Après un départ pas aussi matinal qu’il aurait été souhaitable (un premier « faux levé » à 3h, un autre à 4h, une jonction difficile vers 5h avec le seul du groupe qui ait un « vrai » travail), on arrive enfin en vue de la dite brèche qui, en plus des attributs annoncés dans le topo, s’avérait totalement ruinée par des passages répétés d’avalanches. C’est donc vers un autre objectif que le groupe des 9 s’est précipité : le col des Agneaux, à peine 100 m. plus haut mais aux pentes plus accueillantes.

On va changer d'objectif ... (la brèche Gaspard est en haut à droite sur la photo)
On va changer d’objectif … (la brèche Gaspard est en haut à droite sur la photo)

Une caractéristique du « métier » de skieur de raid ce sont ses horaires de travail. Au printemps la neige chauffe vite, devenant très vite inskiable avec une forte propension à l’avalanche de neige mouillée qui est aux avalanches ce que le bulldozer est à la bêche de jardin. Il faut donc partir tôt, très tôt, afin d’être arrivé au refuge en fin de matinée, midi étant l’idéal car c’est une heure raisonnable pour s’assoir sans complexe autour d’une bonne bière, et un refuge sans bière ça n’existe pas…

Skieurs noctambules
Skieurs noctambules

Le reste de la journée se passe entre sieste, préparation de la course du lendemain, discussion sur l’état de ses ampoules, lecture d’exemplaires de VSD vieux de plus de cinq ans, voire chasse à la marmotte pour les plus aventureux.

Fumoir à peaux
Fumoir à peaux

Puis vient enfin le moment crucial de la journée, celui où tout peut basculer dans le sublime ou bien l’horreur voire le quelconque : le repas du soir. C’est de lui que va dépendre l’état mental et physiologique dans lequel on va passer la courte nuit qui suit. Il fut un temps pas si lointain où les gardiens de refuge n’hésitaient pas à servir à leurs hôtes un « bourguignon purée » des plus indigestes ou un « ragoût riz collant » dont ils se passaient la recette d’un refuge à l’autre afin que l’alternance entre les deux plats soit parfaite lors d’un raid de plusieurs jours. De quoi devenir végétarien…

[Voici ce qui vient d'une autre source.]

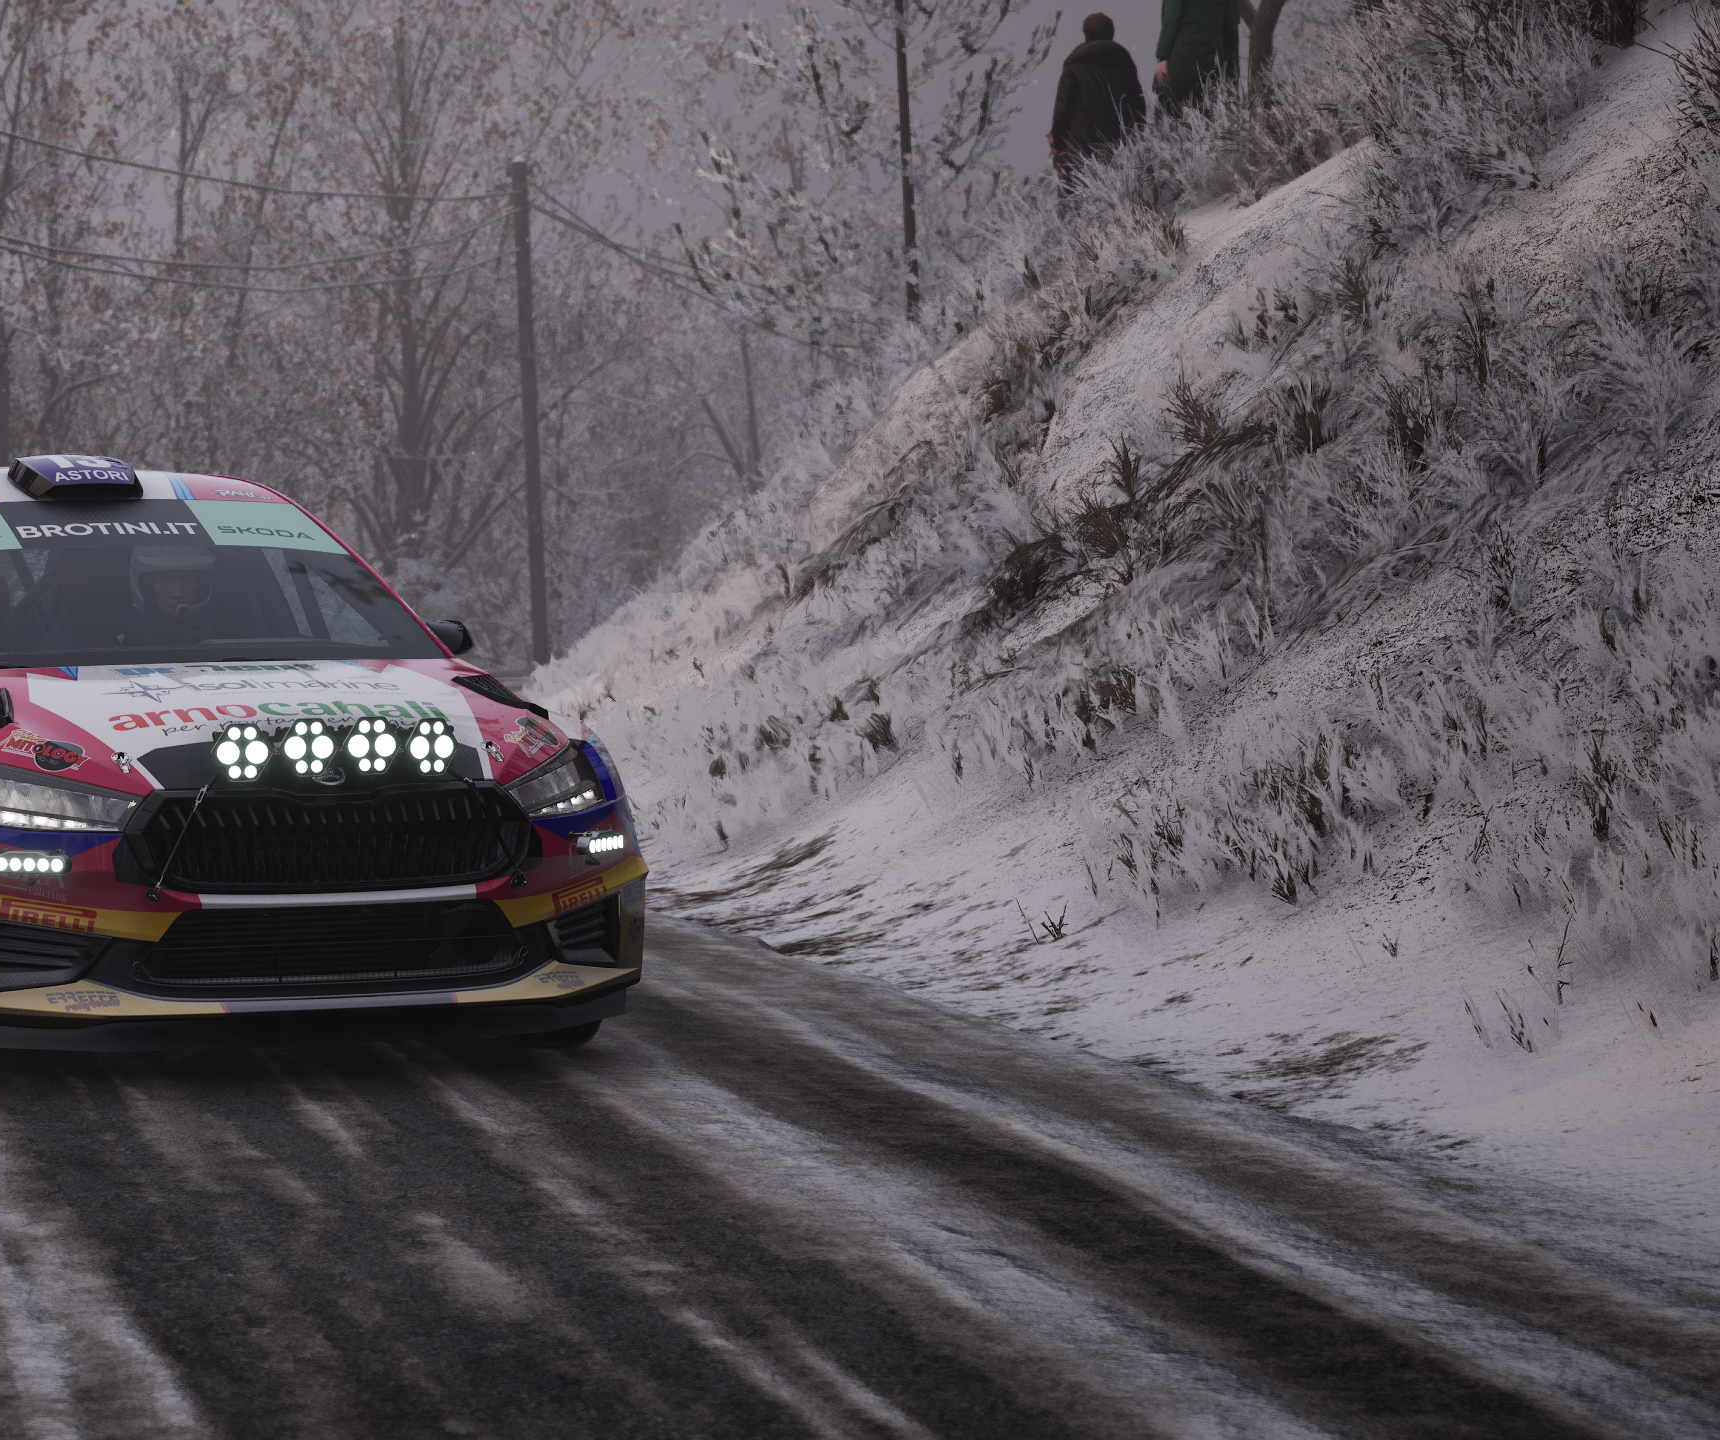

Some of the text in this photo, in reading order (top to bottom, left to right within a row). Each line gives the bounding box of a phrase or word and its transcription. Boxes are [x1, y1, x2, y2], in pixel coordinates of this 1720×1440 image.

[55, 469, 130, 482] ASTORI
[15, 522, 198, 539] BROTINI.IT
[162, 723, 208, 737] per
[4, 737, 89, 766] MITOLOGY
[28, 885, 68, 904] catering
[551, 875, 608, 915] PIRELLI

Mais les choses ont bien changé et ce soir au refuge de l’Alpe de Villar d’Arêne c’est un délicieux repas d’inspiration népalaise qui nous est proposé et c’est tant mieux car demain c’est pas loin de 1800 m. de dénivelé qui nous attendent ainsi que … la pluie.

Ce qui il y a de bien quand on part très tôt, lorsqu’il fait encore nuit c’est qu’on ne voit pas bien le temps qu’il fait et quand il est exécrable c’est mieux. Lorsque le jour se lève et qu’on se trouve encore sur l’interminable glacier qui monte vers le refuge Adèle Planchard, on prend la mesure de ce que signifie réellement « ciel couvert entrecoupé d’averses » accompagné d’un « très mauvais regel » ce qui signifie qu’à chaque pas le ski s’enfonce dans une substance qui n’est pas sans rappeler la purée du bourguignon des refuges d’antan.

Les coulées descendent ... nous, on monte
Les coulées descendent … nous, on monte

Mais aujourd’hui c’est Jeff qui mène le groupe et personne ne moufte et c’est en un temps record -pour nous- qu’on frappe à la porte du refuge d’Adèle Planchard juste à temps pour reprendre un second petit dej car il n’est même pas 10 h. Mais il reste encore à rendre visite à la Grande Ruine qui se trouve encore 600 m. plus haut et là les volontaires se font rares, c’est donc un tout petit groupe qui repart sous la neige cette fois, vers ce beau sommet où la vue est si splendide … enfin quand il fait beau.

Arrivée au sommet de la Grande Ruine
Arrivée au sommet de la Grande Ruine

Pour se consoler nous commettons un petit holdup au passage : la descente à skis depuis le sommet, la mauvaise visibilité nous empêchant d’avoir le vertige sur l’arête sommitale. Ensuite, retour à Mach II vers le refuge car on va bientôt manger …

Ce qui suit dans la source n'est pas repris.